Manually working through the 'a-builtin-bitops-1.c.265t.optimized' code:
int my_popcount (unsigned int x)
{
int stmp__12.12;
vector(64) int vect__12.11;
vector(64) unsigned int vect__1.8;
vector(64) unsigned int _13;
vector(64) unsigned int vect_cst__18;
vector(64) int [all others];
<bb 2> [local count: 32534376]:
vect_cst__18 = { [all 'x_8(D)'] };
vect__1.8_19 = vect_cst__18 >> { 0, 1, 2, [...], 61, 62, 63 };
_13 = .COND_AND ({ [32 x '-1'], [32 x '0'] }, vect__1.8_19, { [all
'1'] }, { [all '0'] });
vect__12.11_24 = VIEW_CONVERT_EXPR<vector(64) int>(_13);
_26 = VEC_PERM_EXPR <vect__12.11_24, { [all '0'] }, { 32, 33, 34,
[...], 93, 94, 95 }>;
_27 = vect__12.11_24 + _26;
_28 = VEC_PERM_EXPR <_27, { [all '0'] }, { 16, 17, 18, [...], 77,
78, 79 }>;
_29 = _27 + _28;
_30 = VEC_PERM_EXPR <_29, { [all '0'] }, { 8, 9, 10, [...], 69, 70,
71 }>;
_31 = _29 + _30;
_32 = VEC_PERM_EXPR <_31, { [all '0'] }, { 4, 5, 6, [...], 65, 66,
67 }>;
_33 = _31 + _32;
_34 = VEC_PERM_EXPR <_33, { [all '0'] }, { 2, 3, 4, [...], 63, 64,
65 }>;
_35 = _33 + _34;
_36 = VEC_PERM_EXPR <_35, { [all '0'] }, { 1, 2, 3, [...], 62, 63,
64 }>;
_37 = _35 + _36;
stmp__12.12_38 = BIT_FIELD_REF <_37, 32, 0>;
return stmp__12.12_38;
..., for example, for 'x = 7', we get:
vect_cst__18 = { [all '7'] };
vect__1.8_19 = { 7, 3, 1, 0, 0, 0, [...] };
_13 = { 1, 1, 1, 0, 0, 0, [...] };
vect__12.11_24 = { 1, 1, 1, 0, 0, 0, [...] };
_26 = { [all '0'] };
_27 = { 1, 1, 1, 0, 0, 0, [...] };
_28 = { [all '0'] };
_29 = { 1, 1, 1, 0, 0, 0, [...] };
_30 = { [all '0'] };
_31 = { 1, 1, 1, 0, 0, 0, [...] };
_32 = { [all '0'] };
_33 = { 1, 1, 1, 0, 0, 0, [...] };
_34 = { 1, 0, 0, 0, [...] };
_35 = { 2, 1, 1, 0, 0, 0, [...] };
_36 = { 1, 1, 0, 0, 0, [...] };
_37 = { 3, 2, 1, 0, 0, 0, [...] };
stmp__12.12_38 = 3;
return 3;
..., so the algorithm would appear to synthesize correct code for that
case.

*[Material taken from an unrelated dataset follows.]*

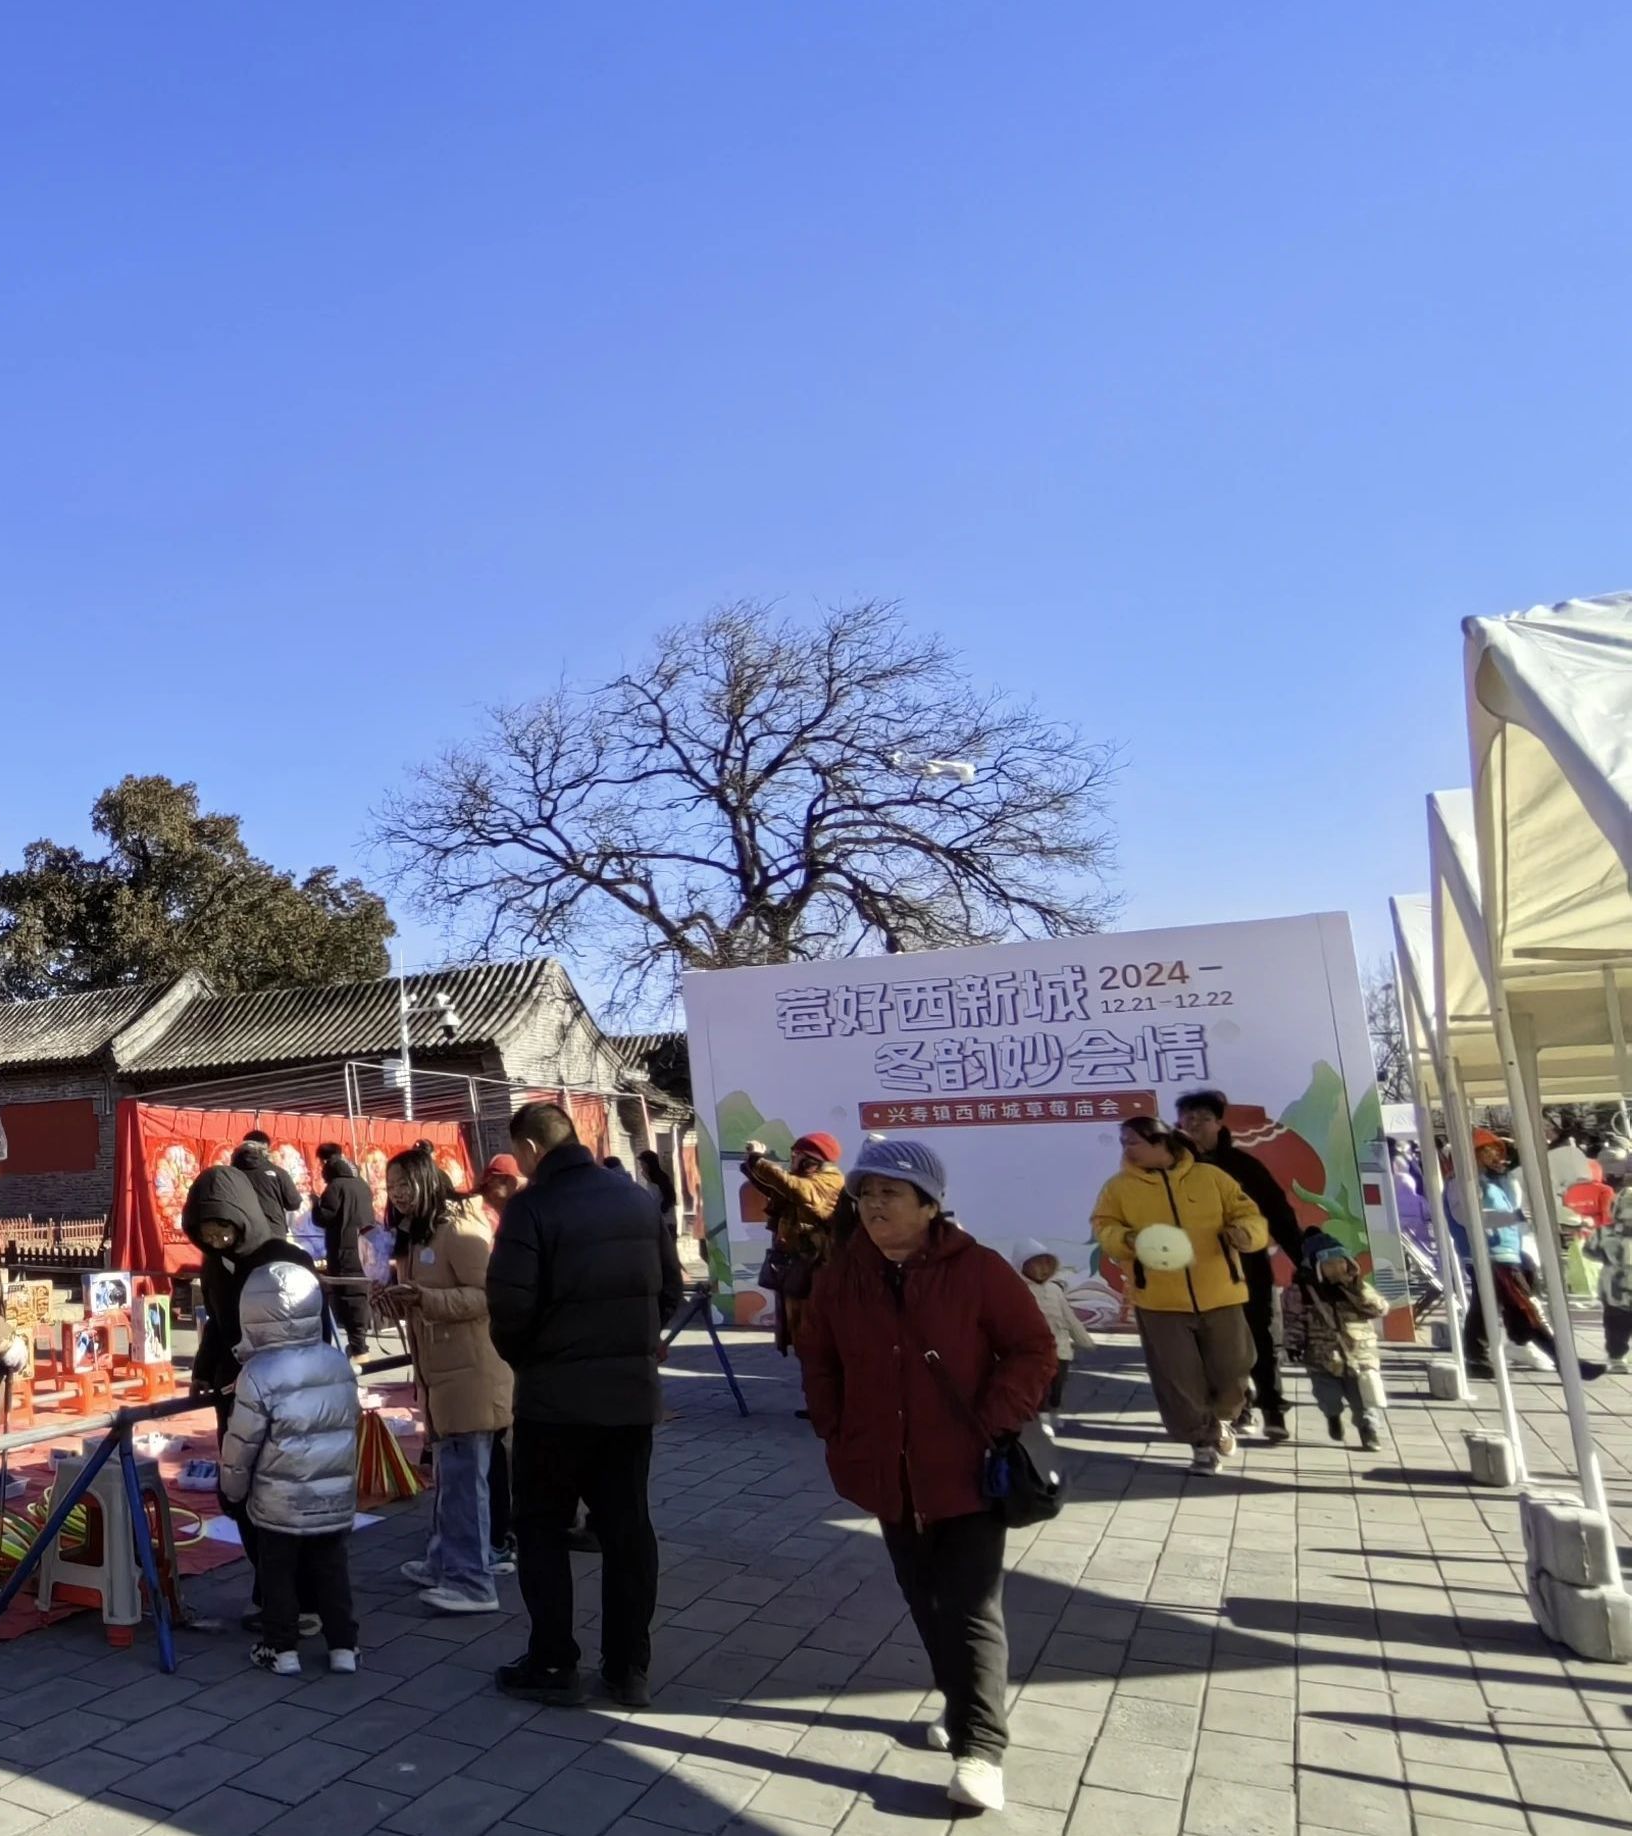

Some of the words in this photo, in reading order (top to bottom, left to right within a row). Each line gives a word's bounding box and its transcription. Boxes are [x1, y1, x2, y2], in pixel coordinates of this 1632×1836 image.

[775, 965, 1091, 1039] 莓好西新城
[875, 1023, 1208, 1092] 冬韵妙会情
[887, 1099, 1119, 1123] 兴寿镇西新城草莓庙会
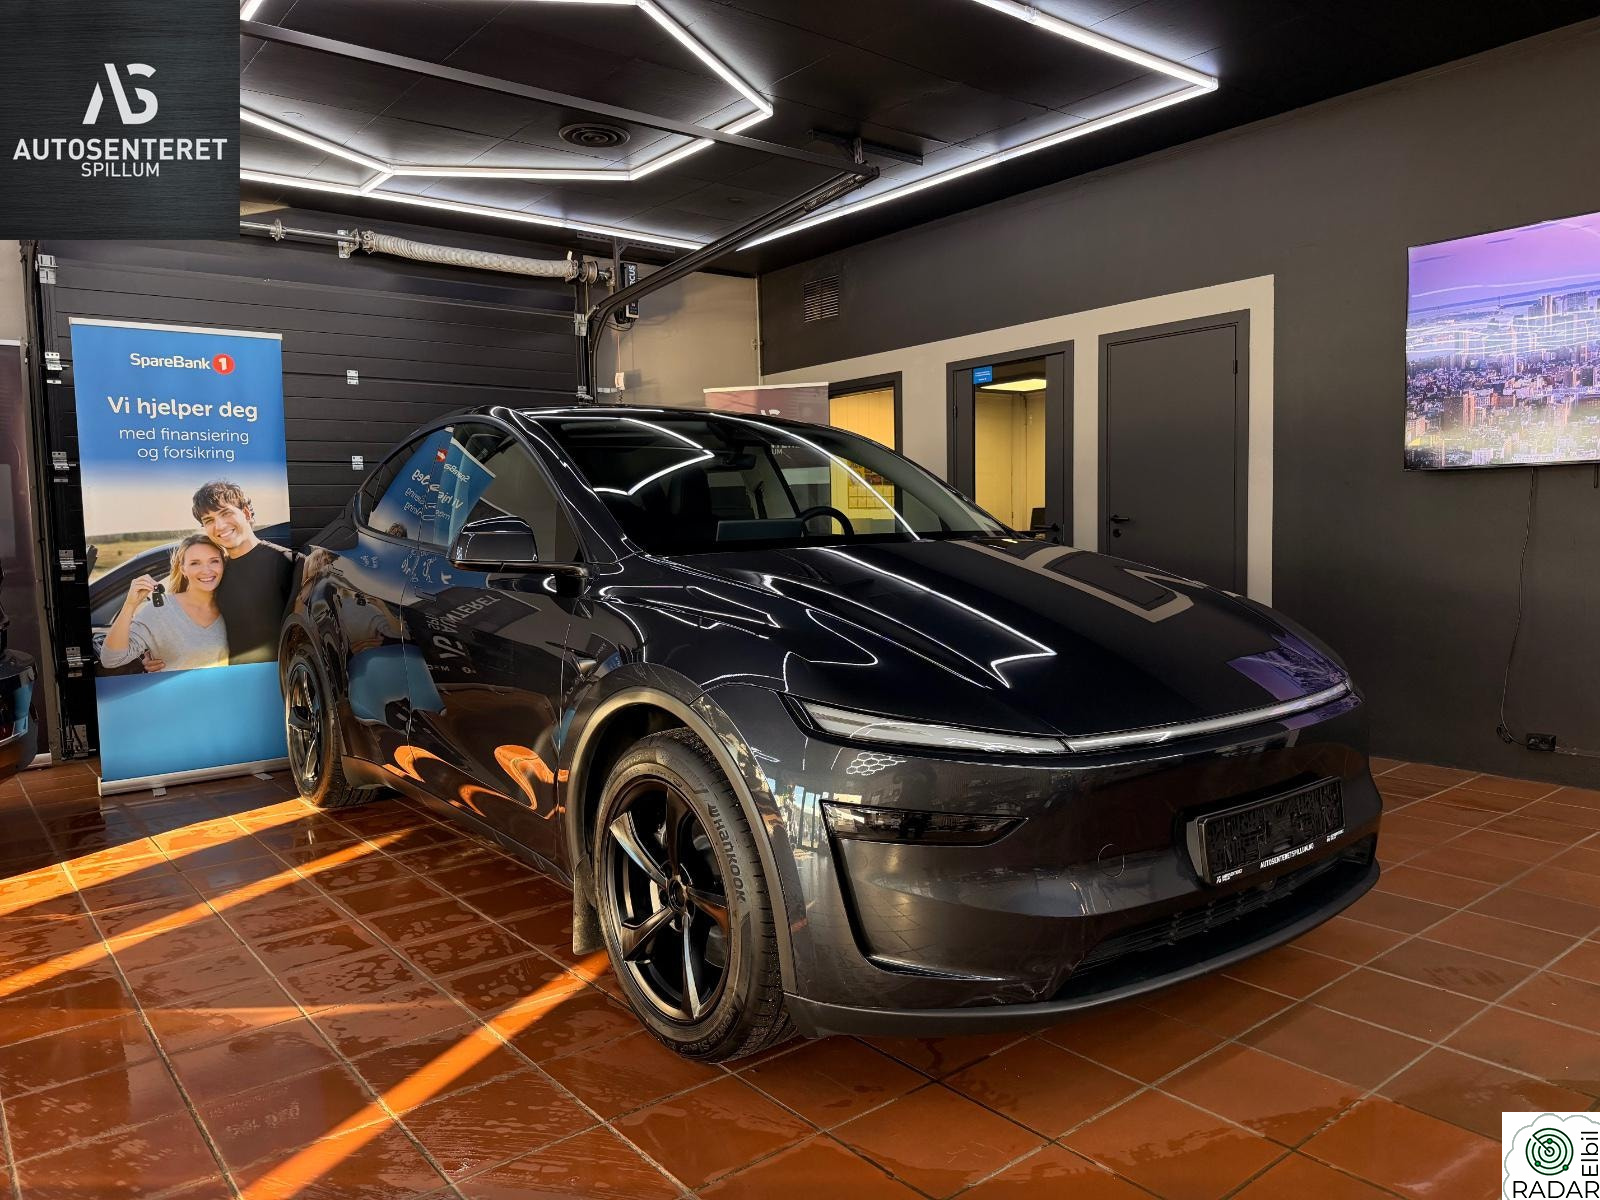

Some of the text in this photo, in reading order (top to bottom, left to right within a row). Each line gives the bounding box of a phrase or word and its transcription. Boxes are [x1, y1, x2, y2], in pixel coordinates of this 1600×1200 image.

Adding '7' to 'builtin-bitops-1.c', we however again get:
i=13, ints[i]=0x7 a=3, b=6
With the following hack applied to 'gcc/tree-vect-loop.cc':
@@ -6687,8 +6687,9 @@ vect_create_epilog_for_reduction (loop_vec_info
loop_vinfo,
reduce_with_shift = have_whole_vector_shift (mode1);
if (!VECTOR_MODE_P (mode1)
|| !directly_supported_p (code, vectype1))
reduce_with_shift = false;
+ reduce_with_shift = false;
..., I'm able to work around those regressions: by means of forcing
"Reduce using scalar code" instead of "Reduce using vector shifts".